Israel defends itself against children's toys by arresting a Nobel Peace Prize Winner

The bravery of the Israeli armed forces reached new heights this week as a boat delivering humanitarian aid to Gaza - including medical supplies and children's toys - was captured and its passengers and crew - among them former Georgia congresswoman Cynthia McKinney, and 1977 Nobel Peace Prize recipient Mairead Maguire - were arrested. They are still being detained in Israel.

The International Committee of the Red Cross earlier this week described the 1.5 million Palestinians living in Gaza as people "trapped in despair" as a result of Israel's blockade. Obviously its vital for Israel's self-defence that Gazans don't get medical aid and their kids don't have toys.

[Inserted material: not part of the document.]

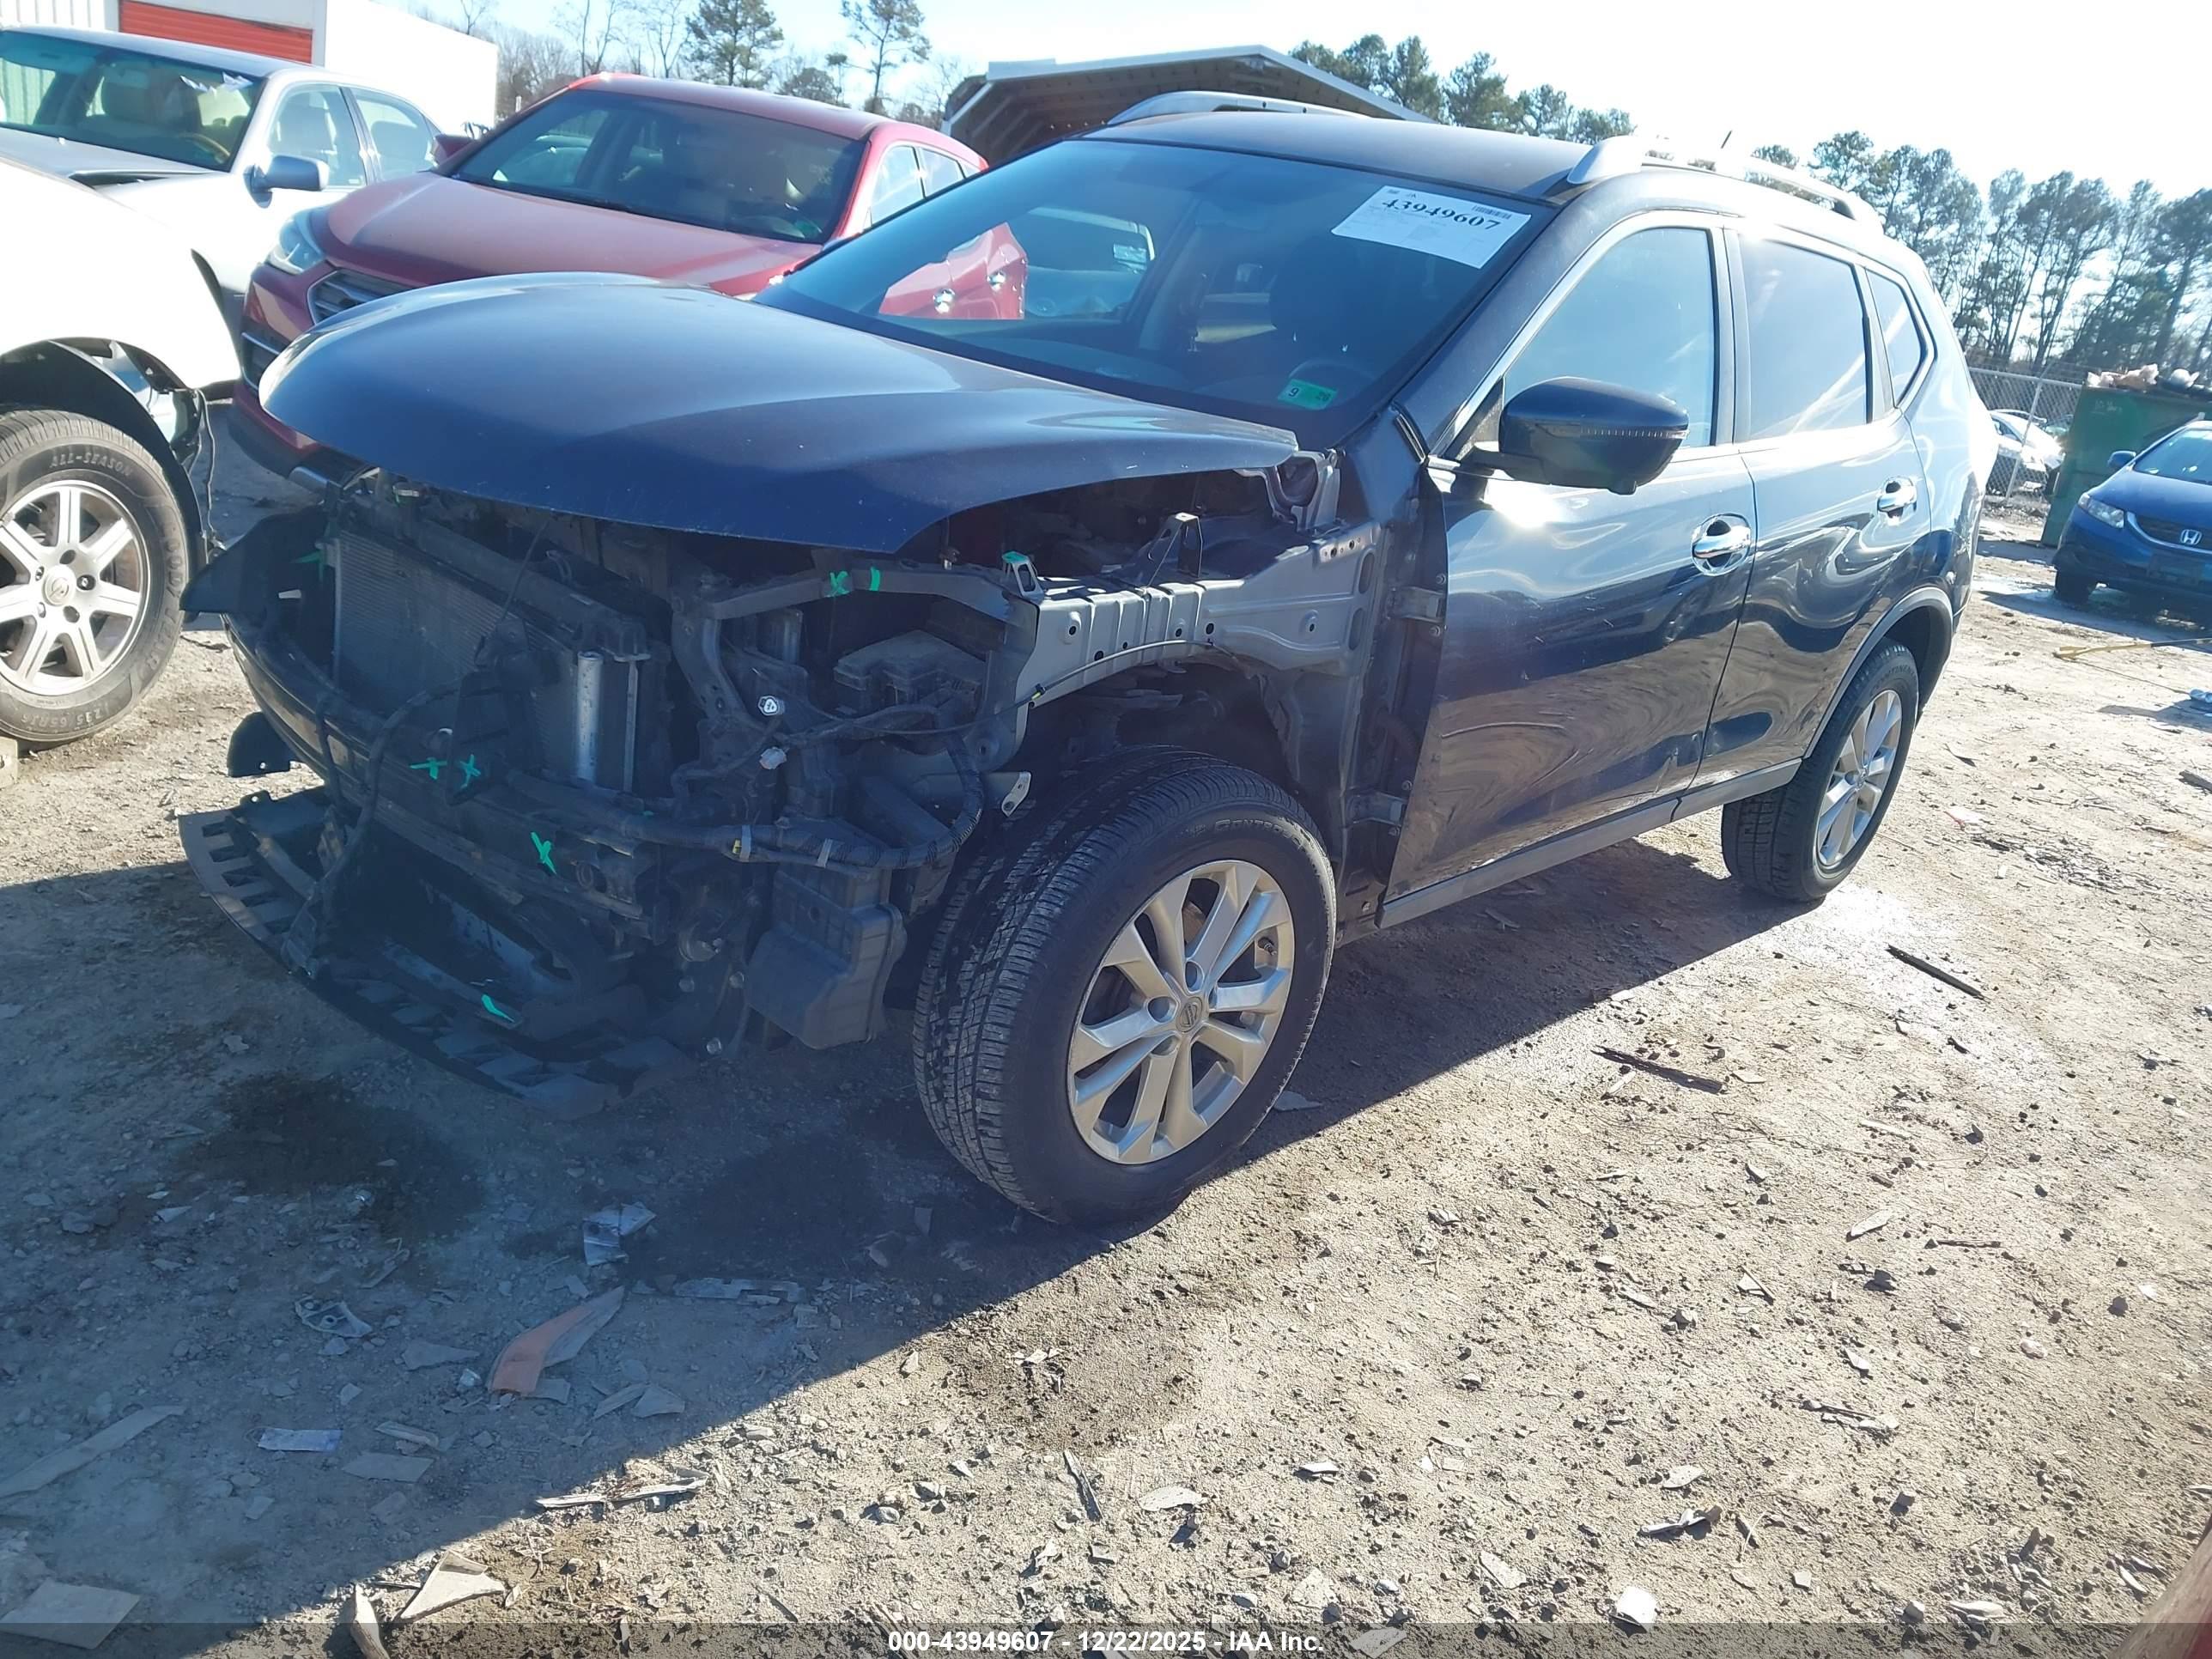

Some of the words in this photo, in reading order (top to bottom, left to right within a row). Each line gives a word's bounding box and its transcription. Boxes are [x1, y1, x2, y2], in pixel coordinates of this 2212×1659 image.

[1382, 198, 1502, 230] 43949607
[1288, 387, 1299, 397] 9
[49, 452, 133, 477] ALL-SEASON

More on the Free Gaza boat here.

Elsewhere, Sarah Leah Whitson, the Middle East director of Human Rights Watch, has an excellent op-ed in the LA Times in which she cuts through some of the crap regarding the Israeli-Palestinian "peace process" and locates the bottom line:

"The debate over Israeli settlements in the occupied Palestinian territories is often framed in terms of whether they should be “frozen” or allowed to grow “naturally.” But that is akin to asking whether a thief should be allowed merely to keep his ill-gotten gains or steal some more. It misses the most fundamental point: Under international law, all settlements on occupied territory are unlawful. And there is only one remedy: Israel should dismantle them, relocate the settlers within its recognized 1967 borders and compensate Palestinians for the losses the settlements have caused."

Read the whole article here.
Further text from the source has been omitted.